# What to do
For the entries that follow, set down each one exactly and drop any pictures.

[Records from a dataset]
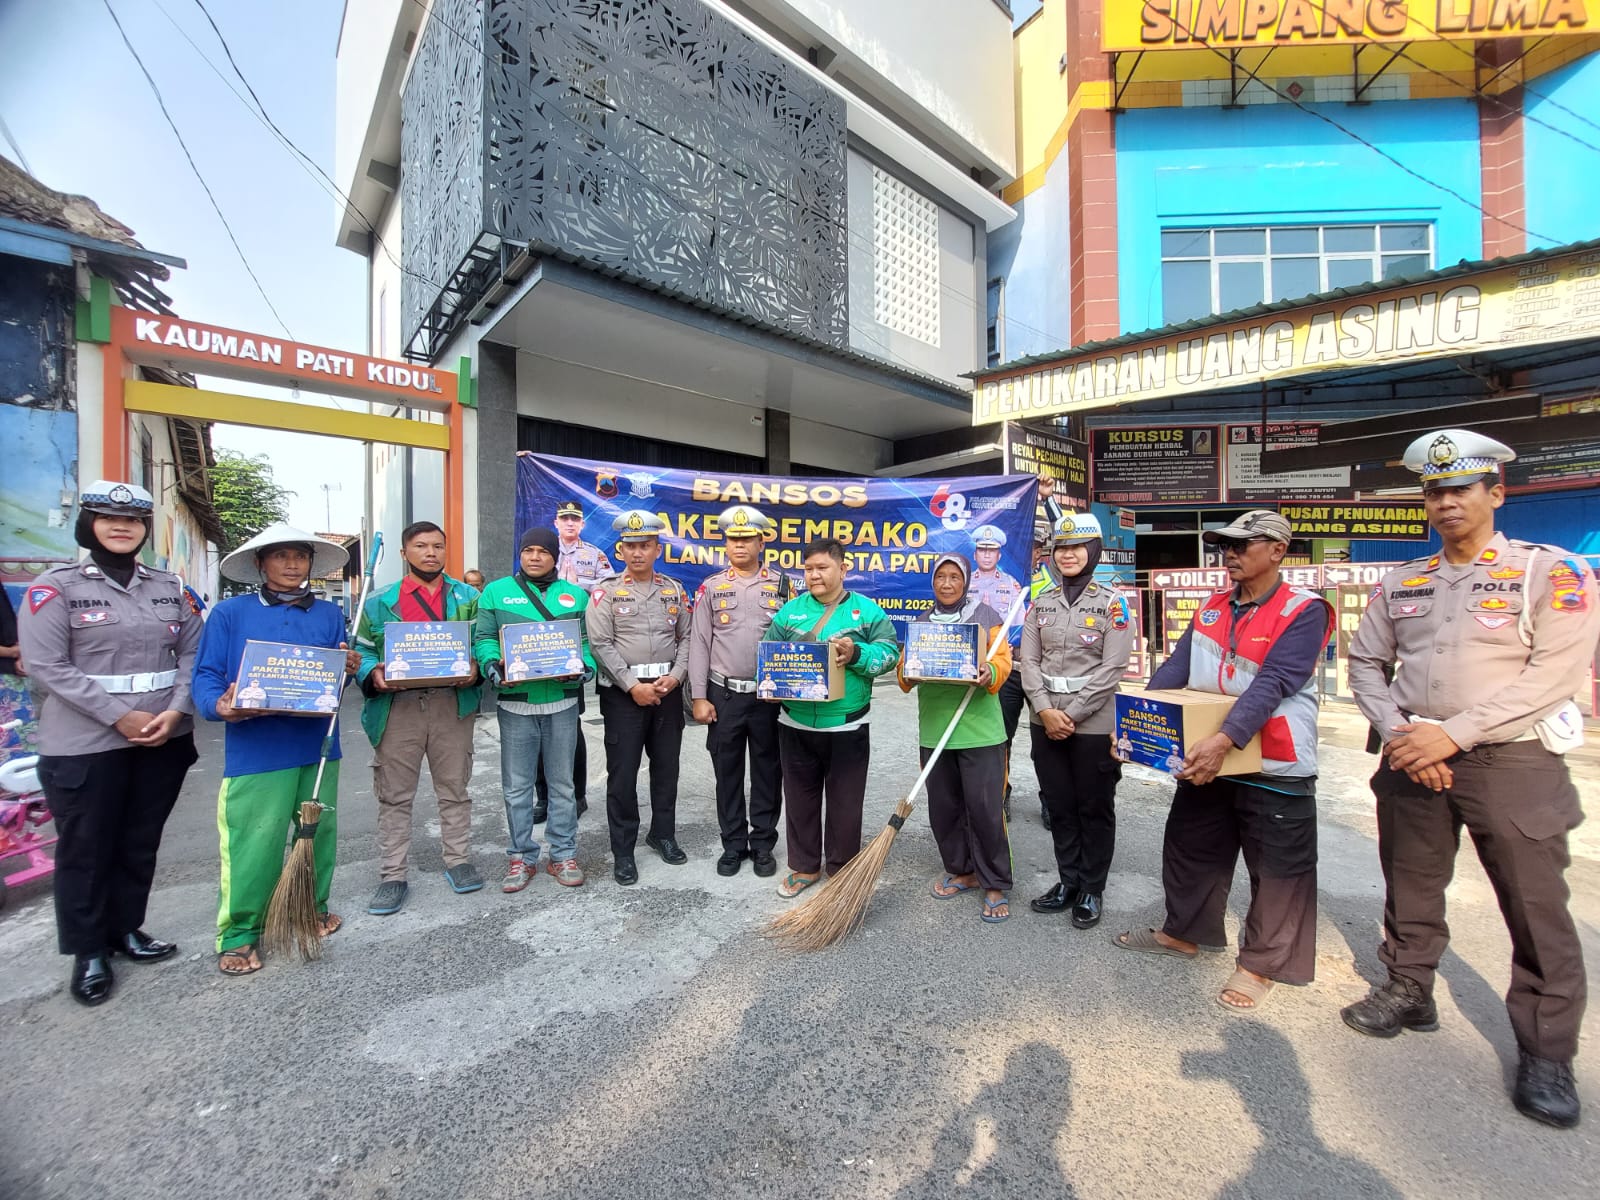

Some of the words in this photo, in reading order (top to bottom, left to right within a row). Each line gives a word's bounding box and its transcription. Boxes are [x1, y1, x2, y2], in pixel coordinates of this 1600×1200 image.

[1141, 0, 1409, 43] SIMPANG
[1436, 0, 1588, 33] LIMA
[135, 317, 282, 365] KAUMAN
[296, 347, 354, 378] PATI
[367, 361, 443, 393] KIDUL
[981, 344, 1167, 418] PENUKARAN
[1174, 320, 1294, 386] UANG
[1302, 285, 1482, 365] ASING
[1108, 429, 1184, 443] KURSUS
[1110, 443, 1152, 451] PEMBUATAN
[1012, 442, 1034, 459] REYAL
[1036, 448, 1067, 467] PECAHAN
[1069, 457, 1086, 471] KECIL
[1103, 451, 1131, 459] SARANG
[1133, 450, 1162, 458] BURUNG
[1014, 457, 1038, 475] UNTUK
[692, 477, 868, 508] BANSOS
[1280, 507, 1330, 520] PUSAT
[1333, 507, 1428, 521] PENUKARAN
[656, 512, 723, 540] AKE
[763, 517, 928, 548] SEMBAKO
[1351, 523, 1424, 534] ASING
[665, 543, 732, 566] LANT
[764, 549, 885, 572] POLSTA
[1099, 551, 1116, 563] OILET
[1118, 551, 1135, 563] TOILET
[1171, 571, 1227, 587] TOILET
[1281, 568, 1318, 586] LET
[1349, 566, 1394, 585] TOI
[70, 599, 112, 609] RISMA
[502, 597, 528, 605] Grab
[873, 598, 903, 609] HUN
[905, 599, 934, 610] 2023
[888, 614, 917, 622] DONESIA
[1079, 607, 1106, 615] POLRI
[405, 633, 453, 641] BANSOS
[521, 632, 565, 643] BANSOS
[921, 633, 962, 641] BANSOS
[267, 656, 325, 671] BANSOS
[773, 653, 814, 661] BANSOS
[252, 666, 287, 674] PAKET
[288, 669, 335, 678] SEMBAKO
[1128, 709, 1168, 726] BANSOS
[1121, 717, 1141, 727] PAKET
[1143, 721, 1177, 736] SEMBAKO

# Exercise result
Some of the words in this photo, in reading order (top to bottom, left to right within a row). Each line gives a word's bounding box and its transcription. Boxes are [x1, y1, x2, y2], in pixel coordinates of this 1600×1200 image.

[1141, 0, 1409, 43] SIMPANG
[1436, 0, 1588, 33] LIMA
[135, 317, 282, 365] KAUMAN
[296, 347, 354, 378] PATI
[367, 361, 443, 393] KIDUL
[981, 344, 1167, 418] PENUKARAN
[1174, 320, 1294, 386] UANG
[1302, 285, 1482, 365] ASING
[1108, 429, 1184, 443] KURSUS
[1110, 443, 1152, 451] PEMBUATAN
[1012, 442, 1034, 459] REYAL
[1036, 448, 1067, 467] PECAHAN
[1069, 457, 1086, 471] KECIL
[1103, 451, 1131, 459] SARANG
[1133, 450, 1162, 458] BURUNG
[1014, 457, 1038, 475] UNTUK
[692, 477, 868, 508] BANSOS
[1280, 507, 1330, 520] PUSAT
[1333, 507, 1428, 521] PENUKARAN
[656, 512, 723, 540] AKE
[763, 517, 928, 548] SEMBAKO
[1351, 523, 1424, 534] ASING
[665, 543, 732, 566] LANT
[764, 549, 885, 572] POLSTA
[1099, 551, 1116, 563] OILET
[1118, 551, 1135, 563] TOILET
[1171, 571, 1227, 587] TOILET
[1281, 568, 1318, 586] LET
[1349, 566, 1394, 585] TOI
[70, 599, 112, 609] RISMA
[502, 597, 528, 605] Grab
[873, 598, 903, 609] HUN
[905, 599, 934, 610] 2023
[888, 614, 917, 622] DONESIA
[1079, 607, 1106, 615] POLRI
[405, 633, 453, 641] BANSOS
[521, 632, 565, 643] BANSOS
[921, 633, 962, 641] BANSOS
[267, 656, 325, 671] BANSOS
[773, 653, 814, 661] BANSOS
[252, 666, 287, 674] PAKET
[288, 669, 335, 678] SEMBAKO
[1128, 709, 1168, 726] BANSOS
[1121, 717, 1141, 727] PAKET
[1143, 721, 1177, 736] SEMBAKO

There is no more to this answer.